2) When the current in the upper transistor exceeds about 20mA, then Ohm's Law says that about 0.54V or more is developed across the 27 ohm resistor.
3) With about 0.54V between its base and emitter, the lower transistor conducts just enough to shunt to ground some of the base current of the upper transistor, so it conducts less.
The circuit will stabilise at about 20mA regardless of the supply voltage if the rules are followed.
Analog ICs are full of constant current sinks and sources. :lol:

 

[eemage21]

I'll explain based on the circuit on the left.

Theoretically, you could get away using only one transistor, but you wouldn't be making a very good current source, because it would vary greatly with the load you'd be applying to it.

When you analyze transistor circuits, one of the main things you need to remember is that in the active region the voltage drop from base to emitter (output with an arrow) is around 0.6V. What happens in the circuit is the following:

1) the transistor on the lower left (the one with grounded emitter), causes 0.6 drop accross the 27 ohm resistor, and that drop is relatively constant (this gives you the stability), the second transistor (the one with collector connected right to the LED), isolates your current source (the 27 Ohm resistor with 0.6 V accross it), from the load (LED's).

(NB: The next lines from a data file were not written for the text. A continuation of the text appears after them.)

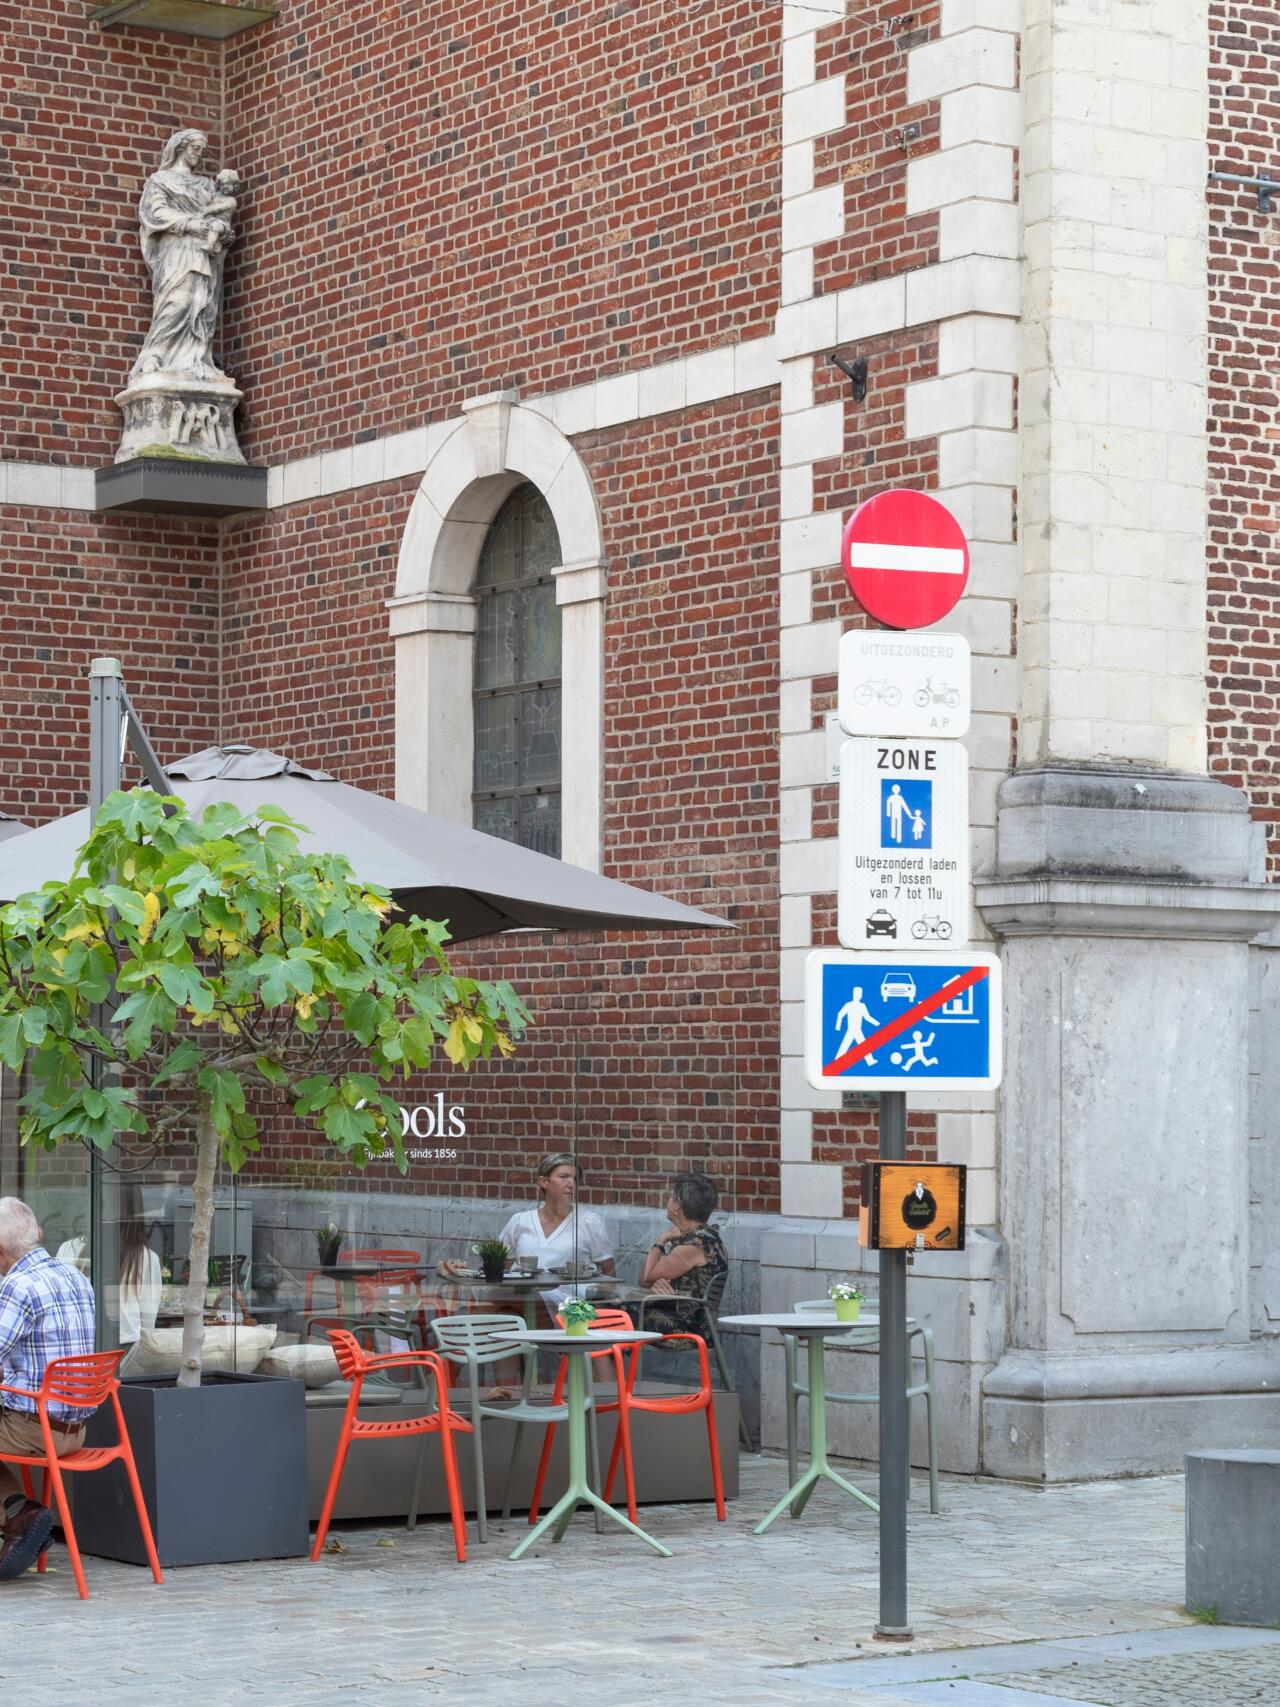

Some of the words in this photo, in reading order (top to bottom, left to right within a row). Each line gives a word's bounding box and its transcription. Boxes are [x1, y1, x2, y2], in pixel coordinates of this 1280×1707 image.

[860, 643, 954, 658] UITGEZONDERD
[877, 748, 937, 771] ZONE
[855, 855, 924, 872] Uitgezonderd
[929, 857, 957, 871] laden
[880, 874, 893, 884] en
[898, 871, 932, 885] lossen
[869, 887, 888, 899] van
[894, 886, 901, 899] 7
[907, 887, 922, 900] tot
[928, 887, 943, 900] 11u
[410, 1148, 433, 1159] sinds
[434, 1148, 457, 1159] 1856
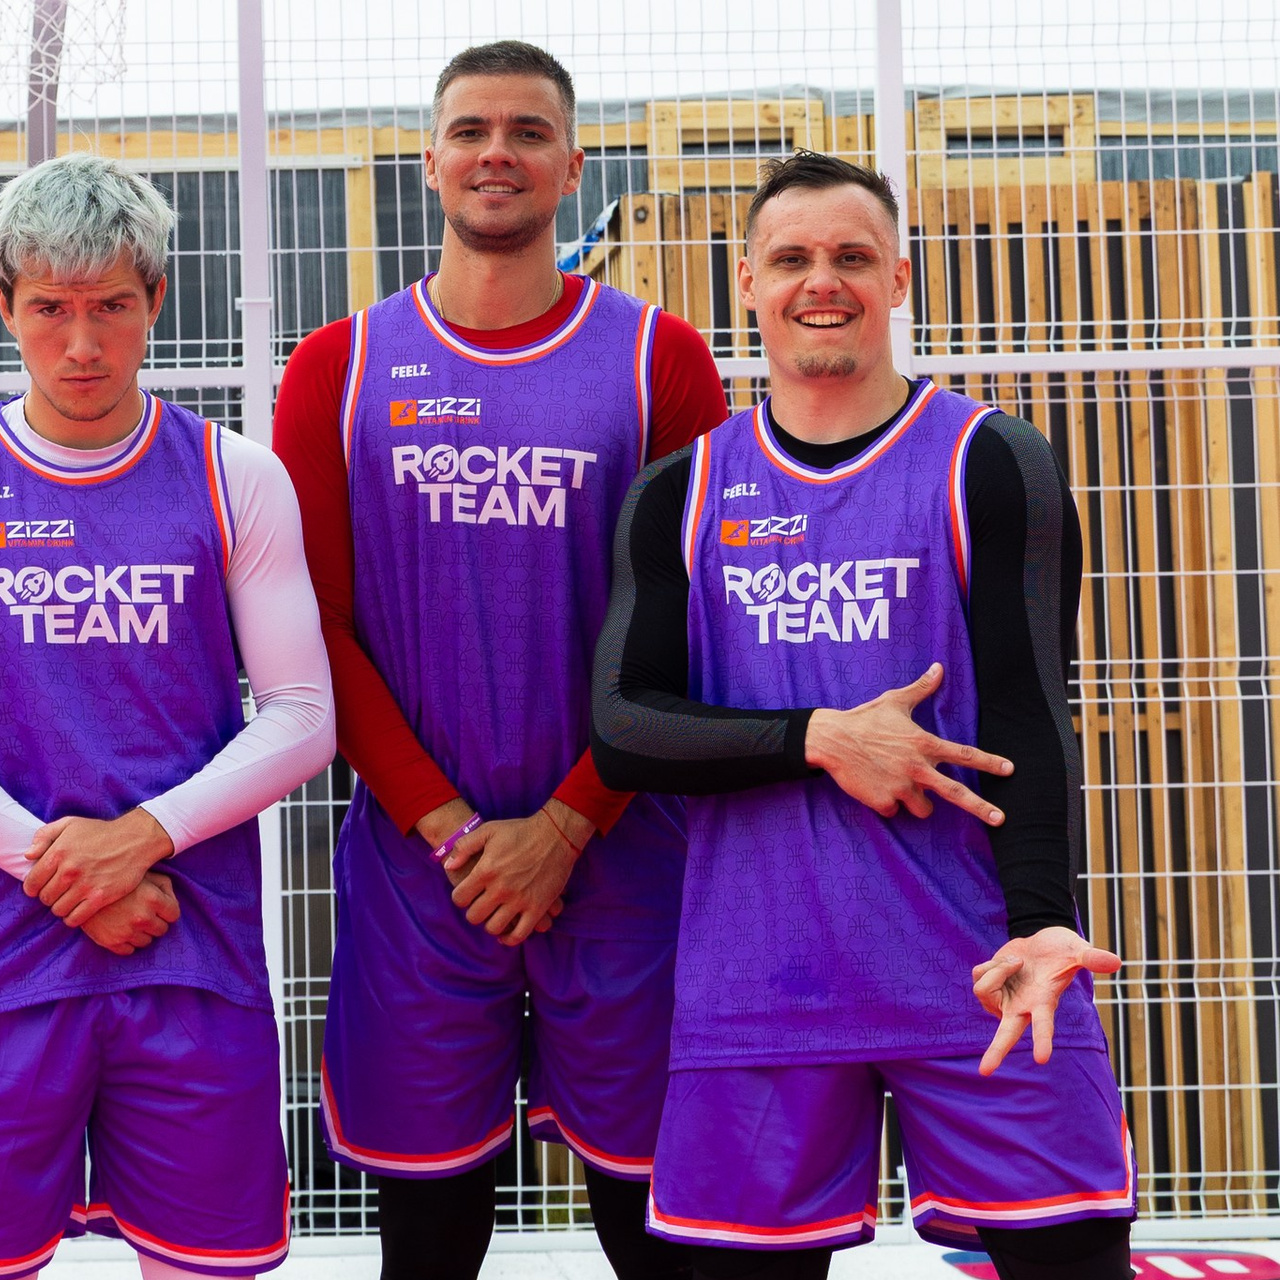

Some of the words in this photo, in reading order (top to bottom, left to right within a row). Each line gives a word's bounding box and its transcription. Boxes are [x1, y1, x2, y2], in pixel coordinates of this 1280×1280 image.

[392, 444, 597, 488] ROCKET
[418, 483, 566, 527] TEAM
[723, 558, 919, 604] ROCKET
[10, 604, 168, 643] TEAM
[746, 599, 889, 644] TEAM

It does it thanks to low impedance looking into the emitter, and high impedance looking into the collector.

Another way of looking at this is that the transistor on the left, provides you with a stable biasing for the transistor on the right. You could get away with replacing the transistor on the left with another resistor such that the Voltage at the gate of the first transistor due to the resulting voltage divider, would 1.2 V, and you'd still end up with 0.6 V accross the 27 Ohm resistor.

 

[eemage21]

Regarding LM317's - as long as you pick the right ratio for your resistors, and keep your input voltage above 1.25V above your output voltage (in yourcase you need to make sure your input doesn't go below 4.25V if you want 3V output), then you will be fine. If you want to go even lower, go with a low-dropout voltage regulator, and if you don't want to worry about picking resistors, pick a constant voltage type (as opposed to the adjustable version). In either case, your assumption in the original post that the output voltage drops with the input voltage, is wrong. Your output voltage will stay constant over entire range, down to 4.25V.

 

[audioguru]

the transistor on the lower left (the one with grounded emitter), causes 0.6 drop accross the 27 ohm resistor, and that drop is relatively constant

No it doesn't. Current doesn't come out of the transistor's base and go down into the 27 ohm resistor.

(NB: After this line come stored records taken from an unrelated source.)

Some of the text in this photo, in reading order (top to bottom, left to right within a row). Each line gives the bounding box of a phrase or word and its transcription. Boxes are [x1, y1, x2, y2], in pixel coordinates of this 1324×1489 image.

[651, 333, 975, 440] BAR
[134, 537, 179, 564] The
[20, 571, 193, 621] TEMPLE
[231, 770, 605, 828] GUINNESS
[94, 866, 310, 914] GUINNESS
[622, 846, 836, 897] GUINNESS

the second transistor (the one with collector connected right to the LED), isolates your current source (the 27 ohm resistor with 0.6 V accross it), from the load (LED's). It does it thanks to low impedance looking into the emitter, and high impedance looking into the collector.

Huh? This transistor supplies the LED current, not the 27 ohm resistor.
Impedances have nothing to do with it.

Another way of looking at this is that the transistor on the left, provides you with a stable biasing for the transistor on the right.

You are sort-of correct. :lol:

 

[eemage21]

I never said the current comes out of the base. The current comes out of the collector of the transistor on the right side.

Also - you were wrong in stating that the transistor on the left is not conducting - it is.

Impedances have everything to do with it - even more so, because you are using such a small resistance in your degenerative emitter feedback.